Your assignment>
The pictures stay out. Please retype every line below exactly.
BEGIN Data supplied
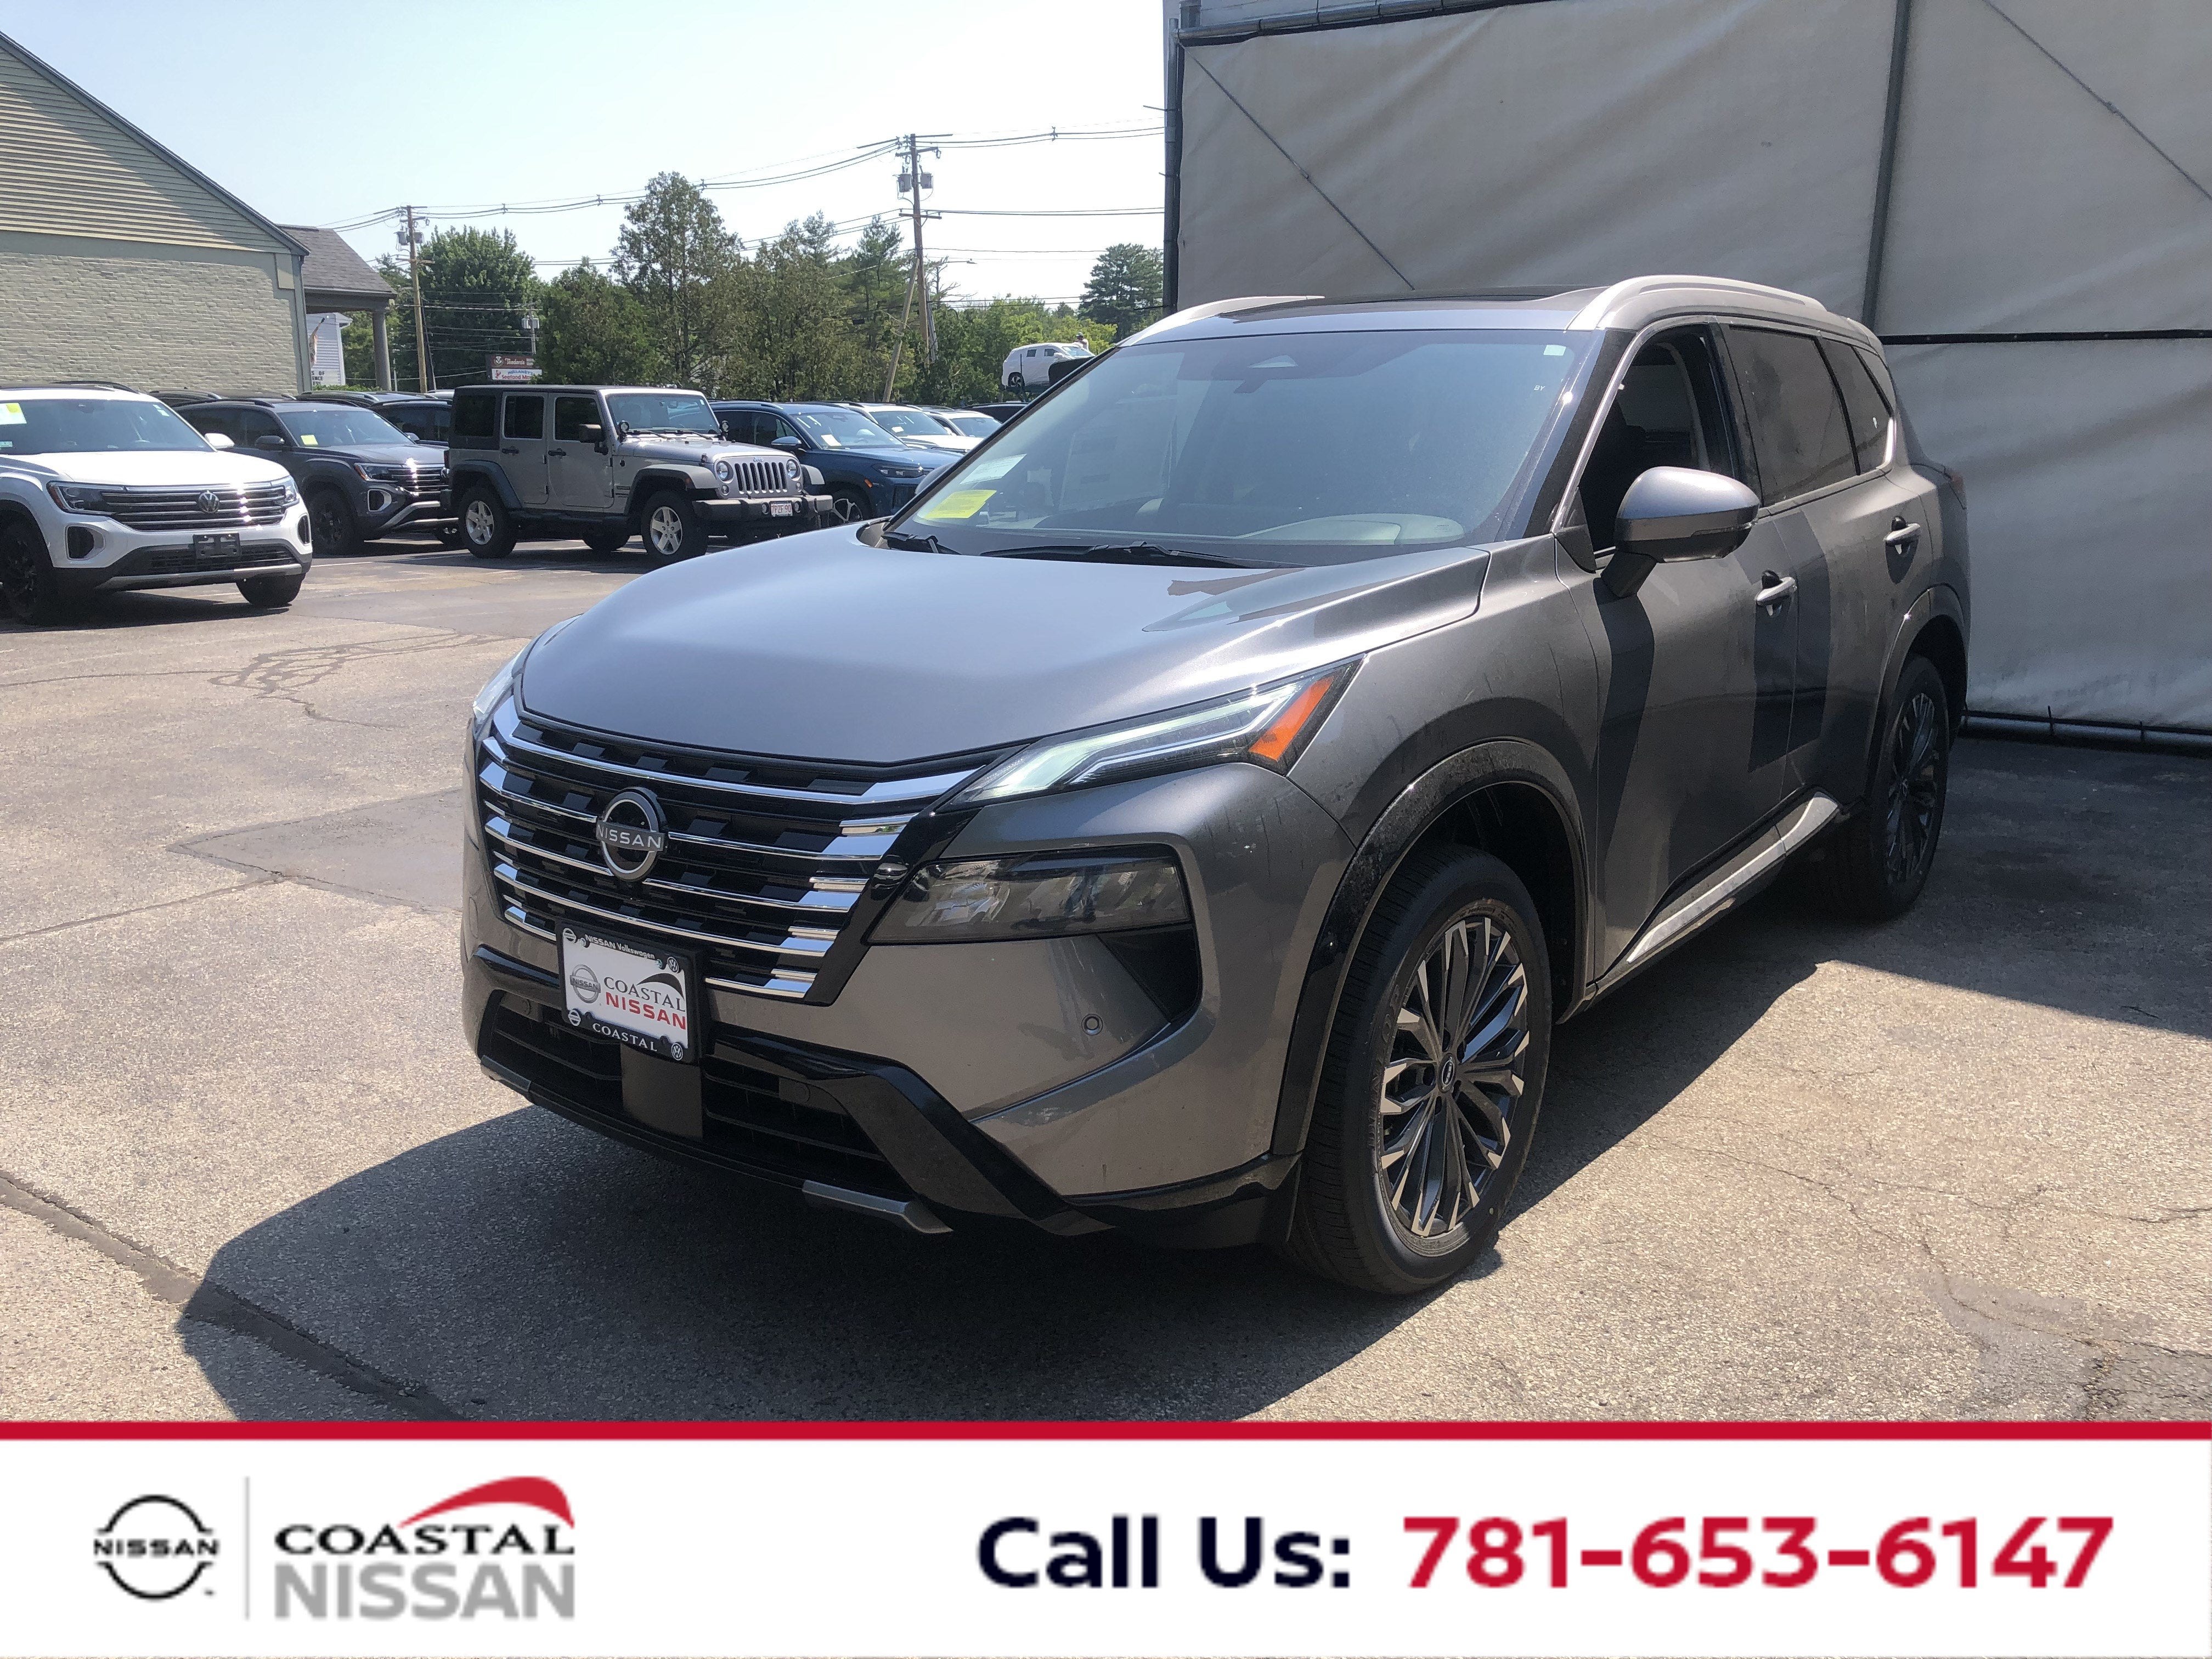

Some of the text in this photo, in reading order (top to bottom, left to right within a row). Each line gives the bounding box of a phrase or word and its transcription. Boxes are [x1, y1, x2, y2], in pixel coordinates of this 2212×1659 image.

[597, 824, 662, 849] NISSAN
[585, 934, 655, 959] NISSAN Volkswagen
[572, 978, 599, 989] NISSAN
[604, 977, 686, 1013] COASTAL
[606, 991, 686, 1030] NISSAN
[592, 1022, 658, 1052] COASTAL
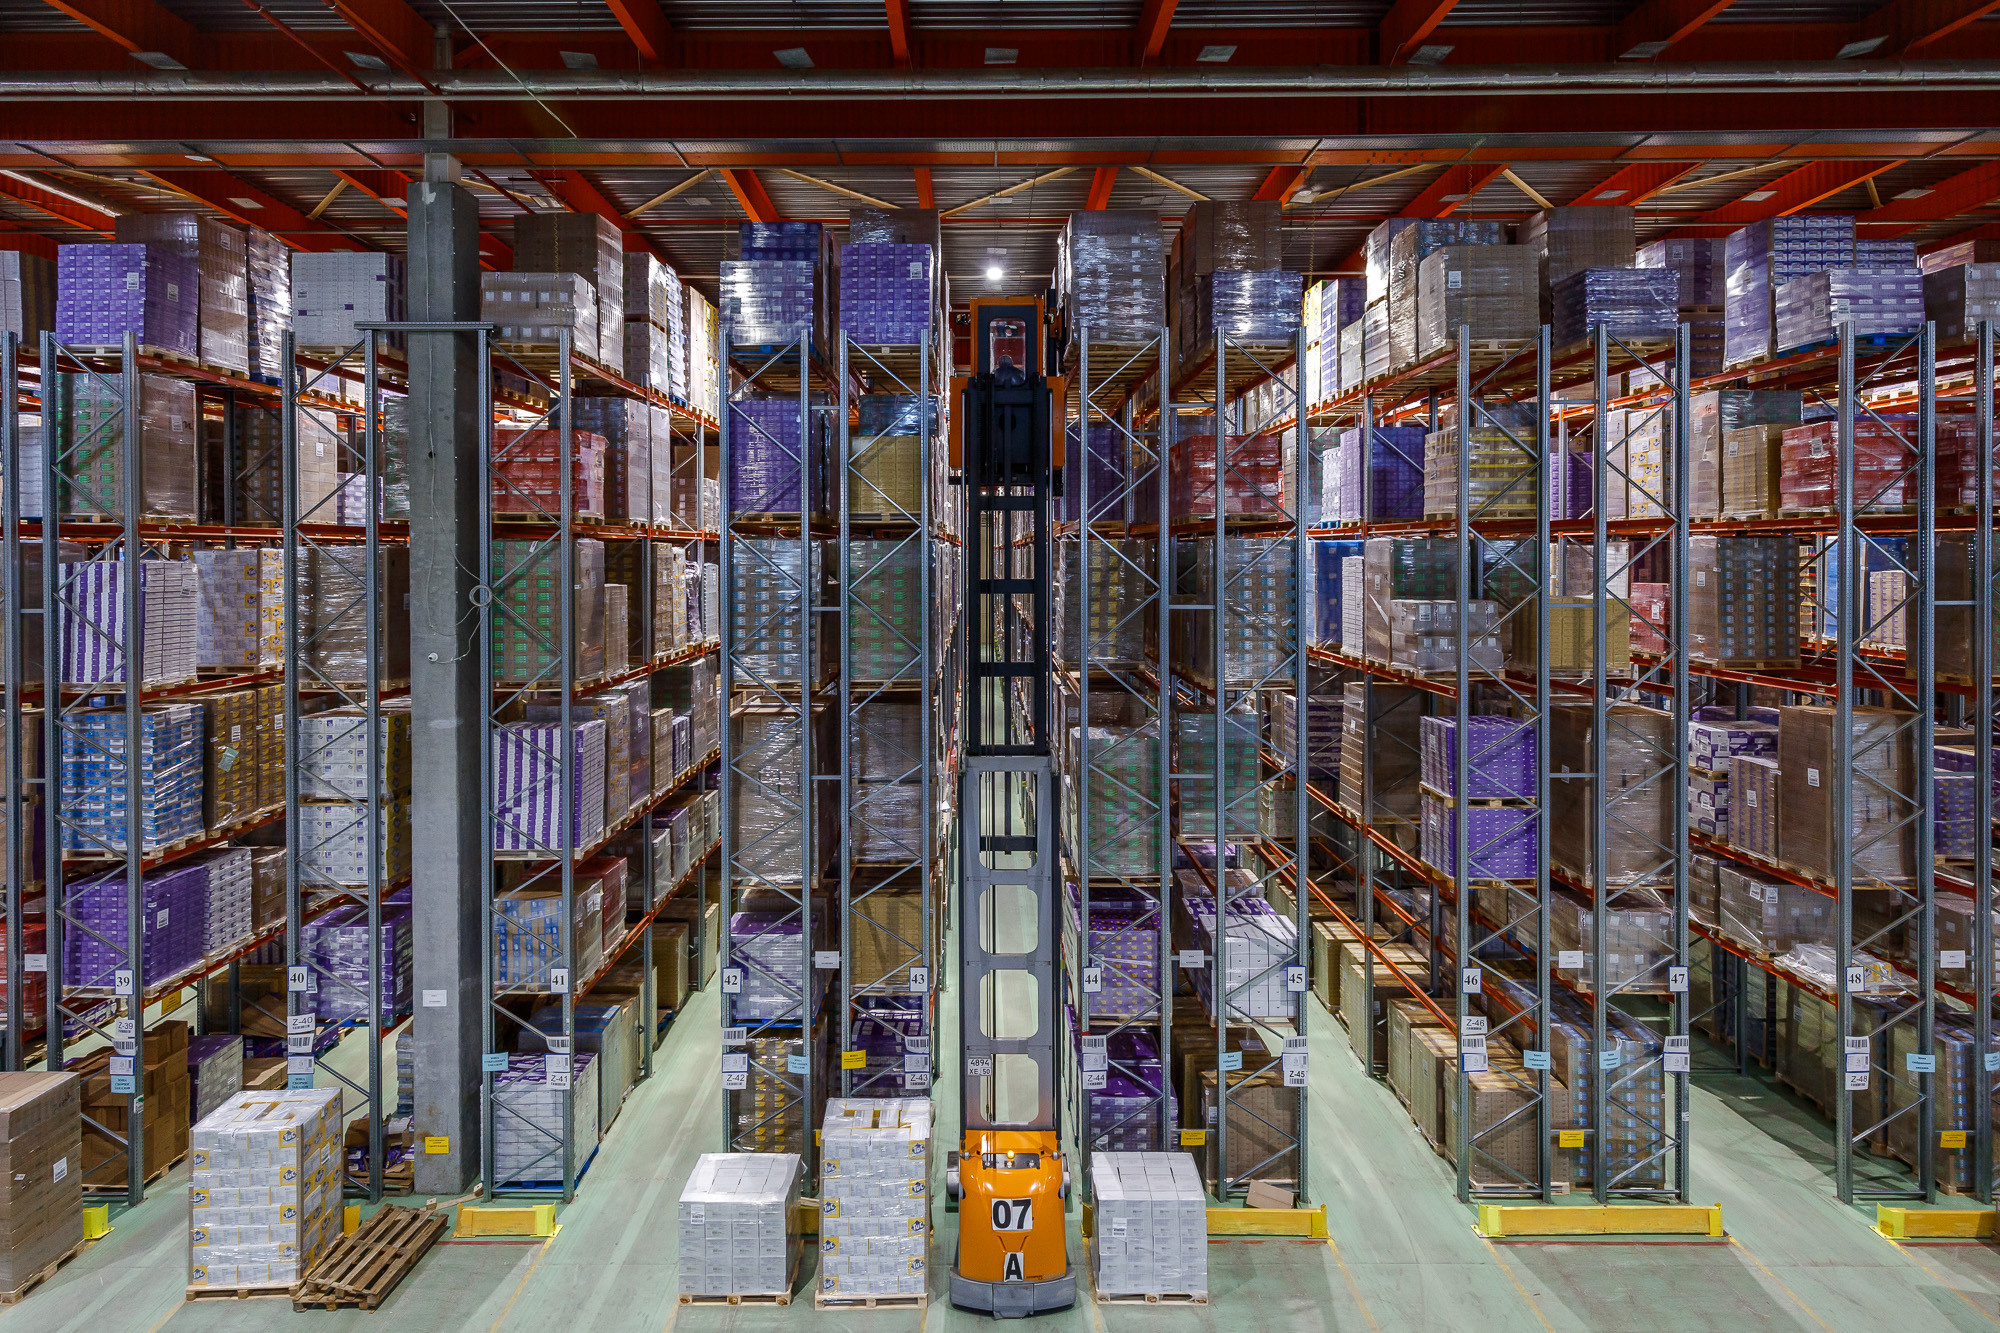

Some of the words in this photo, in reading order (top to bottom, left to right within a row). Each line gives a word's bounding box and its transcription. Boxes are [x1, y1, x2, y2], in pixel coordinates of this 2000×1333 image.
END Data supplied
Answer for this exercise>
Some of the text in this photo, in reading order (top to bottom, left to right within a row). Each line gives the bounding box of a phrase or word and its transcription. Boxes are [x1, y1, x2, y2], in pixel coordinates of this 2212×1659 image.

[597, 824, 662, 849] NISSAN
[585, 934, 655, 959] NISSAN Volkswagen
[572, 978, 599, 989] NISSAN
[604, 977, 686, 1013] COASTAL
[606, 991, 686, 1030] NISSAN
[592, 1022, 658, 1052] COASTAL

Some of the words in this photo, in reading order (top to bottom, left to right within a row). Each line gives a word's bounding box and its transcription. Boxes are [x1, y1, x2, y2], in pixel coordinates of this 2000×1333 image.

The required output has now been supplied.